01The backbone of the PC
The motherboard is the printed circuit board that physically and electrically connects every part of your computer. It dictates which CPU you can install, how much RAM, how many drives and how many expansion cards.
02The chipset
The chipset is a controller chip that talks to the CPU and routes peripherals. Higher tiers (Z, X) unlock overclocking and more PCIe/USB lanes; budget tiers (B, H, A) save money by removing those features.
03Sockets and CPU support
- AM5 — modern AMD Ryzen 7000/9000.
- AM4 — older Ryzen, still great value.
- LGA1700 — Intel 12/13/14th gen.
- LGA1851 — Intel Core Ultra.
- Always check the QVL before buying a CPU.
04RAM, PCIe and M.2
RAM slots come in pairs for dual-channel — populate matching slots.

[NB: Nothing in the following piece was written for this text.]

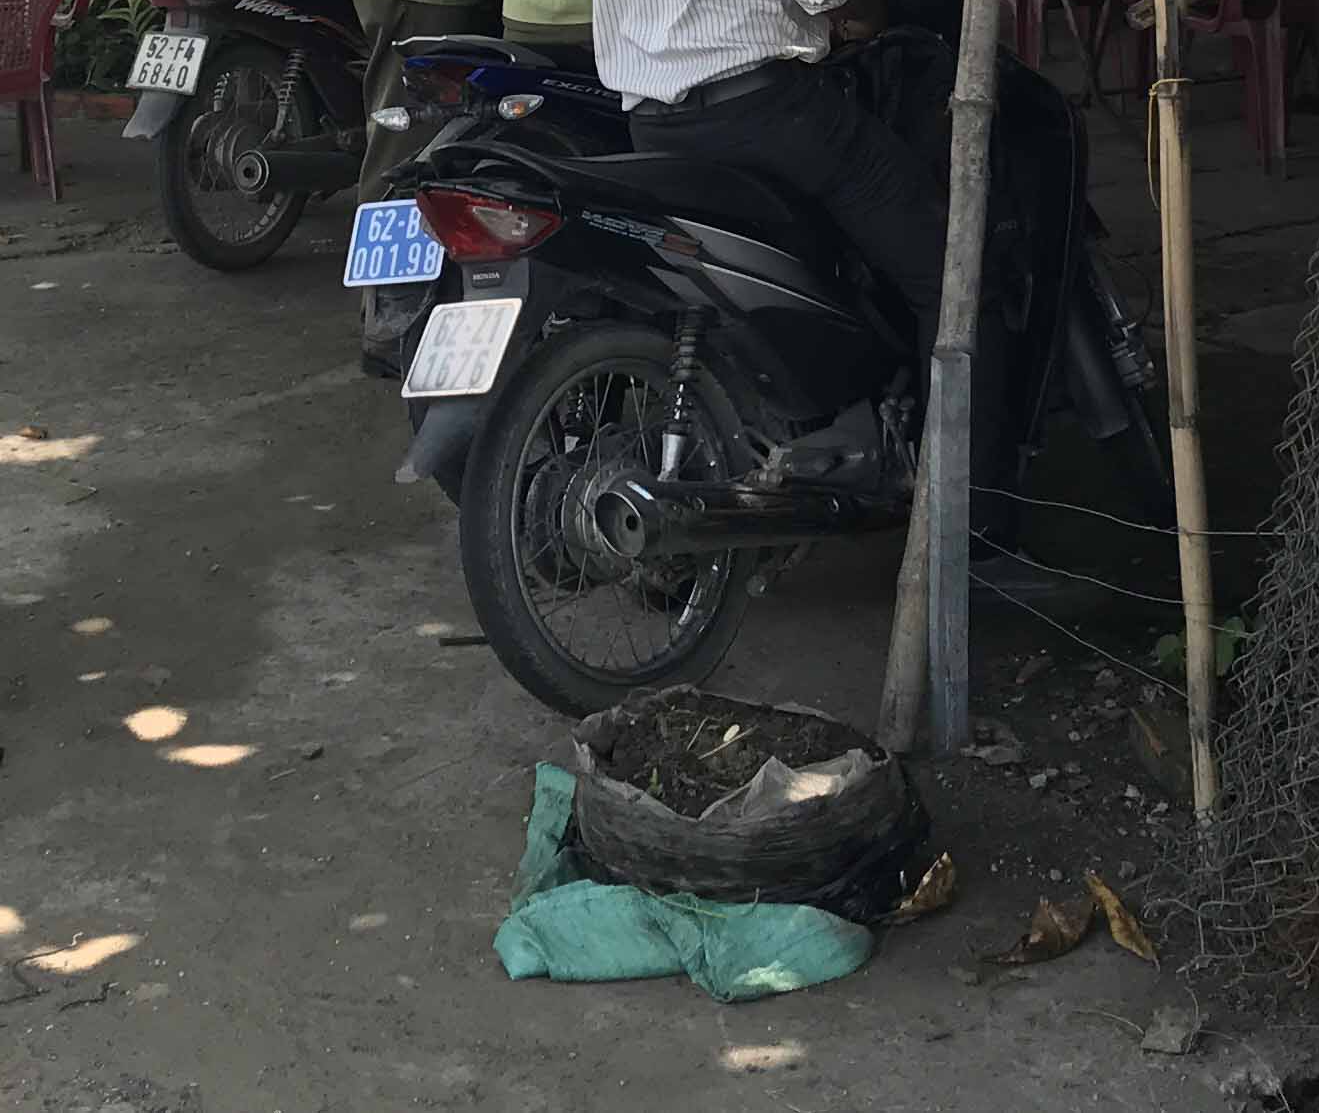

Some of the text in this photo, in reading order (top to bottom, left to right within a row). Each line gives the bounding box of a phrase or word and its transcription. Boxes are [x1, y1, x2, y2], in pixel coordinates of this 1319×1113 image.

PCIe slots host GPUs and expansion cards (PCIe 5.0 x16 is current). M.2 slots host fast NVMe SSDs directly on the board.
05VRM and power
The VRM (Voltage Regulator Module) feeds clean power to the CPU. A weak VRM bottlenecks high-end CPUs and runs hot. Look for boards with chunky heatsinks if you're running a 12+ core CPU.
06Form factors
- E-ATX — huge, workstation builds.
- ATX — standard tower.
- Micro-ATX — smaller, fewer slots.
- Mini-ITX — tiny, one expansion slot.